Fig. 2.

Role of immature dendritic cells (iDCs) in immune response to foreign pathogens and tumour immunity. (a) General roles of iDCs in immune response to foreign pathogens. The iDCs reside in peripheral tissues, peripheral blood DCs (PBDCs) engulf foreign antigens, which are rapidly activated and matured by pathogen signals, and migrate to lymph node in which mature DCs present foreign antigens to naive T cells that are differentiated to effector T cells, resulting in elimination of the pathogens. (b) Differential functional roles of tumour immature dendritic cells (TiDCs) and newly produced iDCs from bone marrow, which are not primed with apoptotic cells.

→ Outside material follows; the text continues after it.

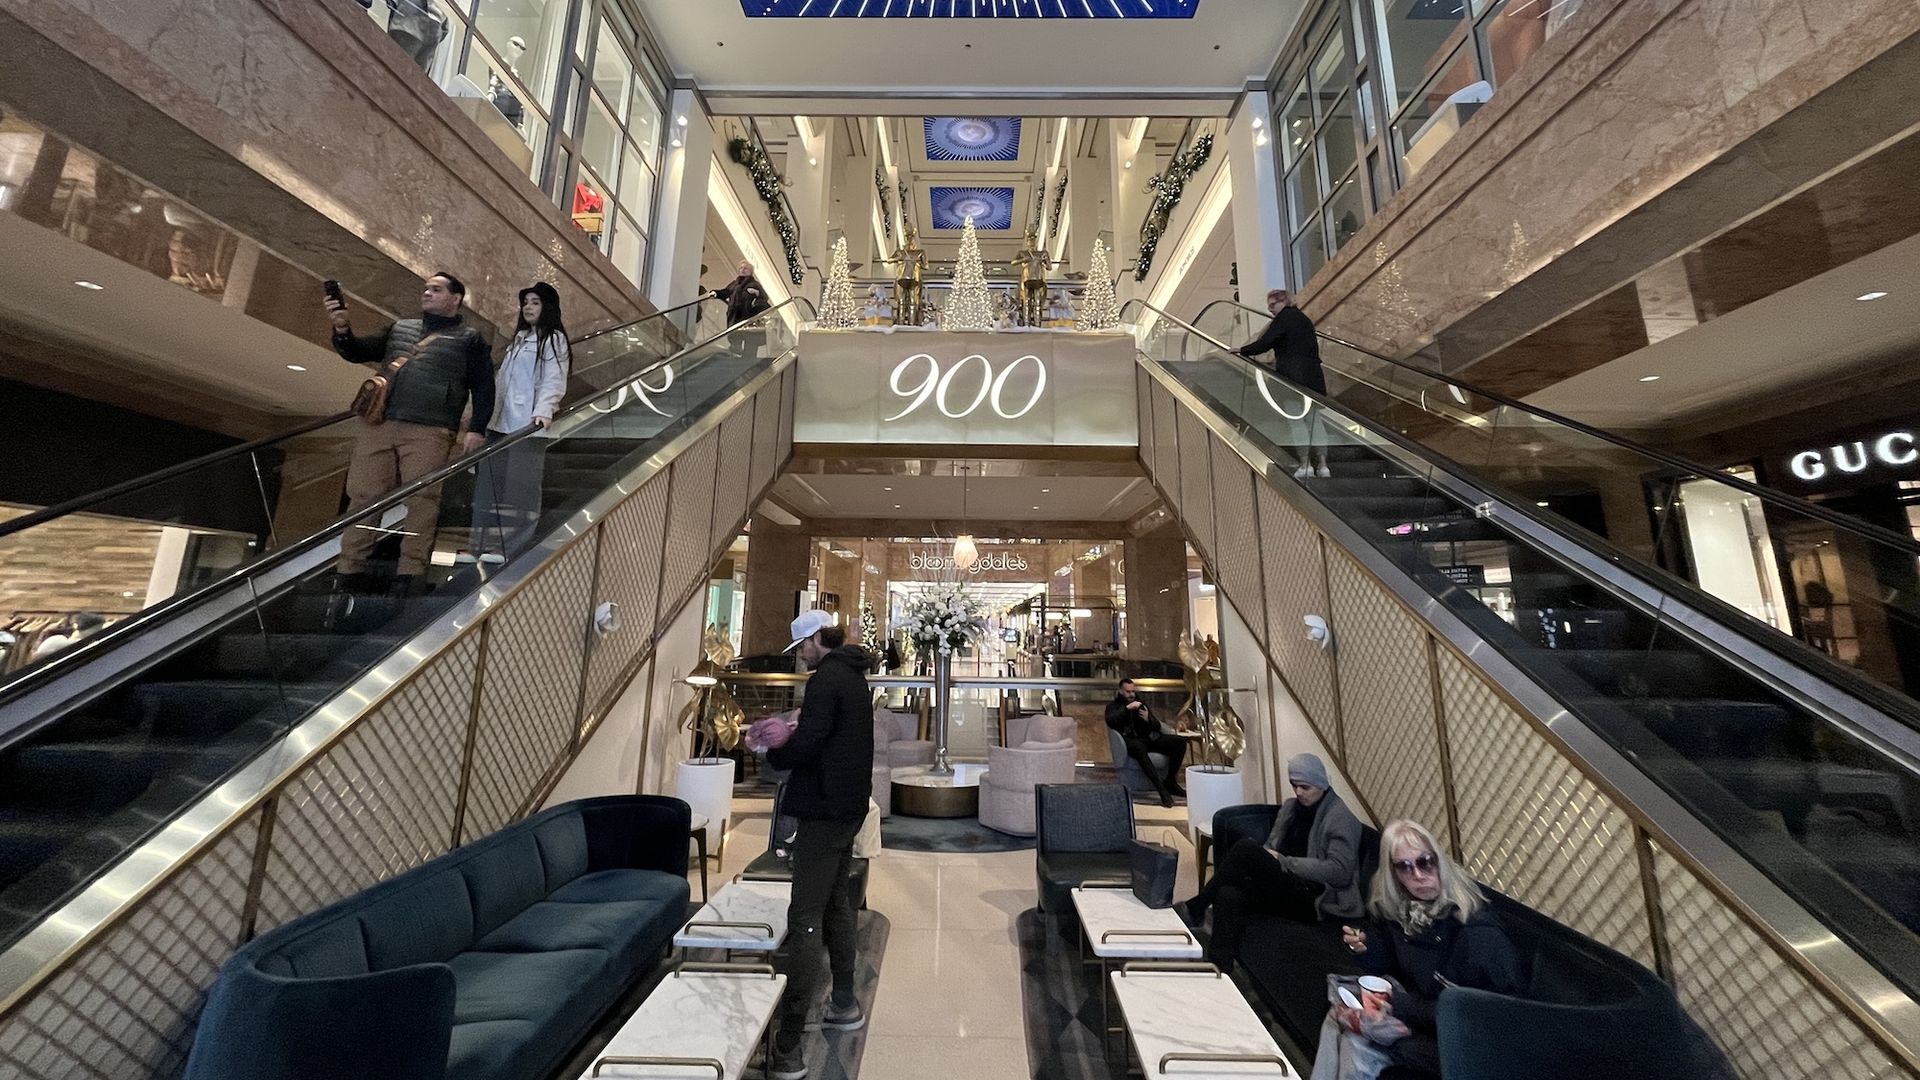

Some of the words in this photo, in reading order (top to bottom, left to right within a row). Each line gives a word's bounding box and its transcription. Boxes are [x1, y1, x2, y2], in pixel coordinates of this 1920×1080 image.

The newly induced iDCs by granulocyte–macrophage colony-stimulating factor (GM-CSF) and G-CSF from CD34⁺ progenitor cells in bone marrow (BM), bone marrow derived DCs (BMDCs), and the potential iDCs released from compartmentalization within the tumour site can be primed with massive dead cells with inflammatory cytokines following neoadjuvant chemotherapy. These iDCs are activated and matured and migrate to sentinel lymph node (SLN) where they present tumour antigens (TAs) to naive T cells, resulting in proliferation of antigen-specific effector T cells that contribute to tumour response.